_What this task involves_. In your copy of the entries, please include no pictures and return every word exactly.

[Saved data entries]
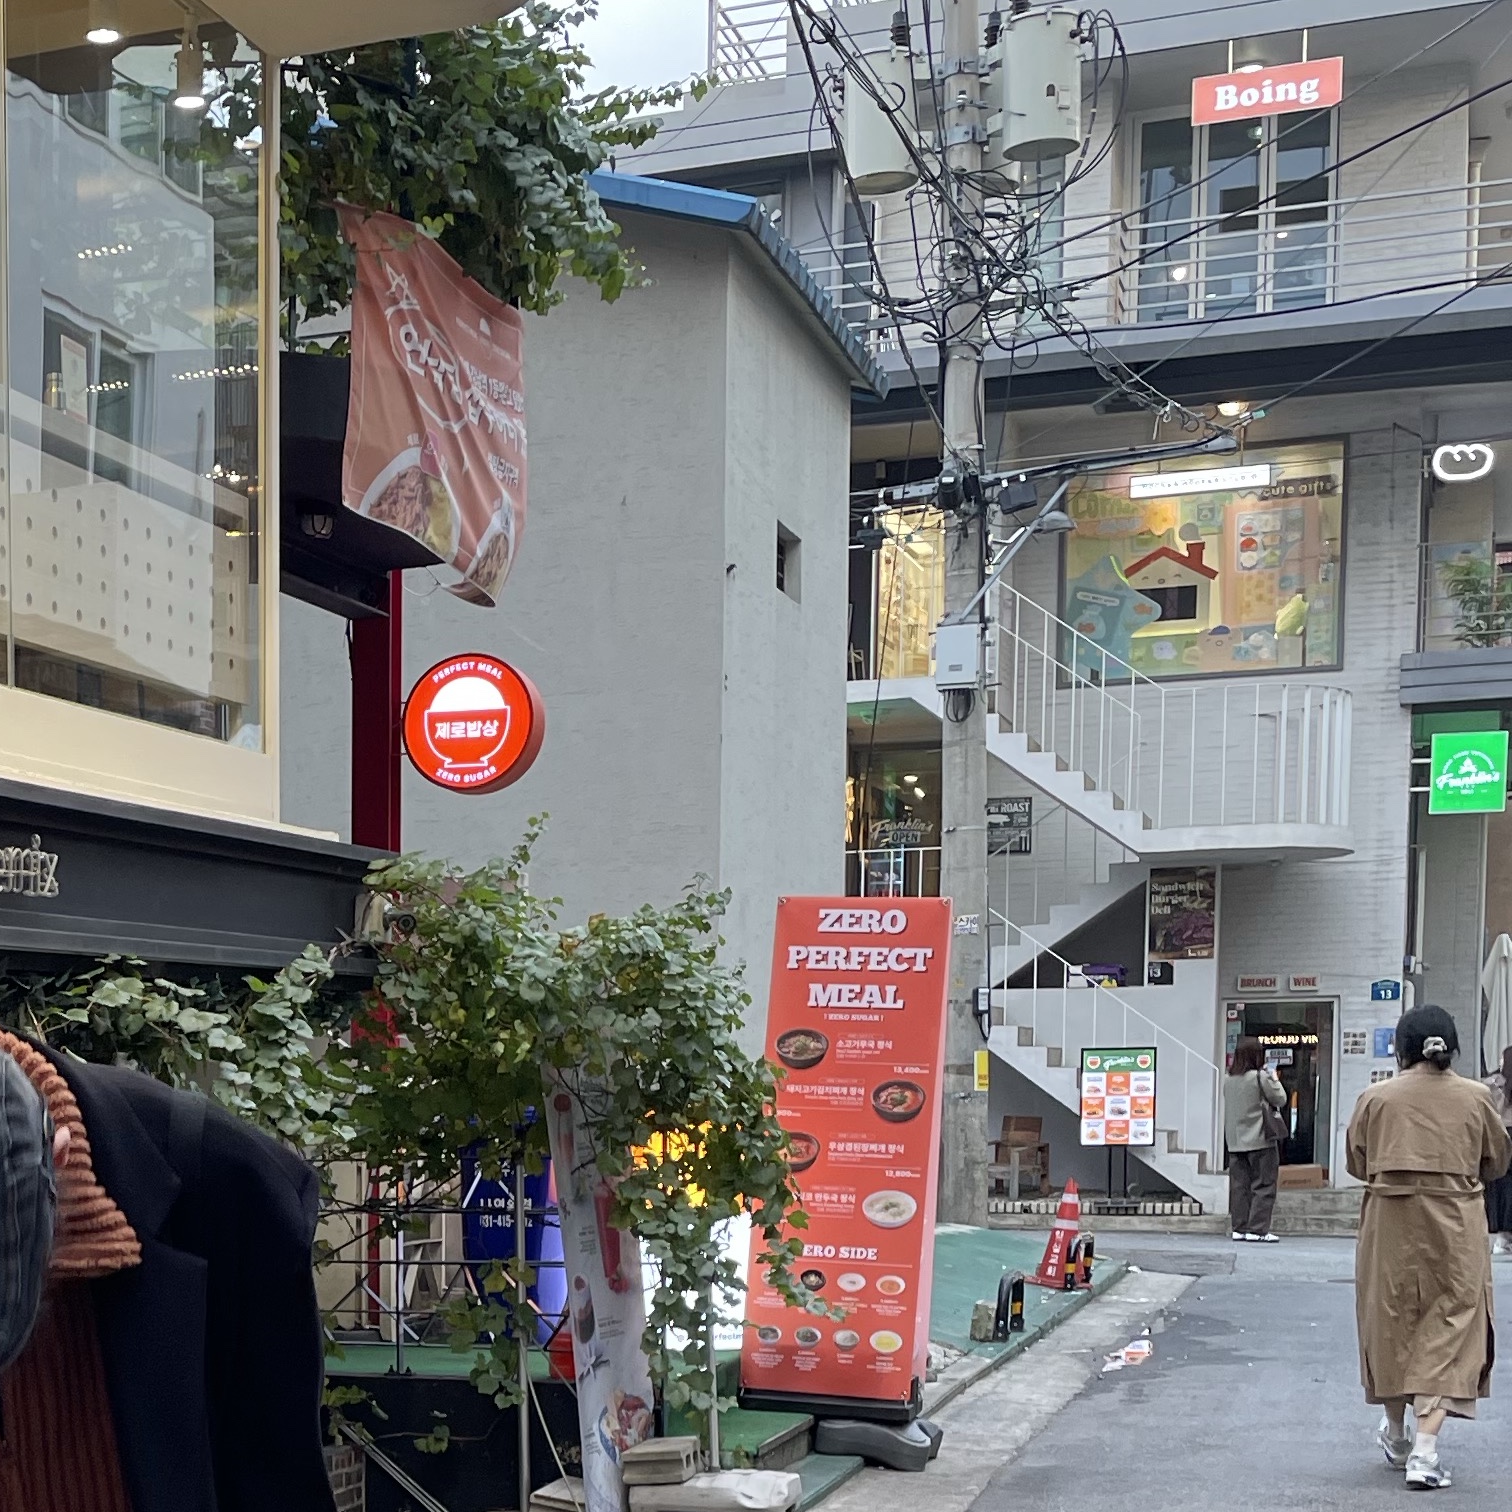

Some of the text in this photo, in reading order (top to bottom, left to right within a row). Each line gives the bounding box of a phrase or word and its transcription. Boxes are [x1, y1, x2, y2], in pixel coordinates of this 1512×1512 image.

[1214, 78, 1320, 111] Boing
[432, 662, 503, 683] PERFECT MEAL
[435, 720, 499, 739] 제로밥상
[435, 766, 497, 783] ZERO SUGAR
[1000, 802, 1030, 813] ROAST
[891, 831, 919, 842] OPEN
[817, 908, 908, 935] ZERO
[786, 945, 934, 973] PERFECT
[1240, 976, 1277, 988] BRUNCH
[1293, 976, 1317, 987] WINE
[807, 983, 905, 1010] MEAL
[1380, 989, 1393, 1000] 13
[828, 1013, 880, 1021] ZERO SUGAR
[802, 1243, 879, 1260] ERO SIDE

_Reply to the exercise_.
Some of the text in this photo, in reading order (top to bottom, left to right within a row). Each line gives the bounding box of a phrase or word and its transcription. Boxes are [x1, y1, x2, y2], in pixel coordinates of this 1512×1512 image.

[1214, 78, 1320, 111] Boing
[432, 662, 503, 683] PERFECT MEAL
[435, 720, 499, 739] 제로밥상
[435, 766, 497, 783] ZERO SUGAR
[1000, 802, 1030, 813] ROAST
[891, 831, 919, 842] OPEN
[817, 908, 908, 935] ZERO
[786, 945, 934, 973] PERFECT
[1240, 976, 1277, 988] BRUNCH
[1293, 976, 1317, 987] WINE
[807, 983, 905, 1010] MEAL
[1380, 989, 1393, 1000] 13
[828, 1013, 880, 1021] ZERO SUGAR
[802, 1243, 879, 1260] ERO SIDE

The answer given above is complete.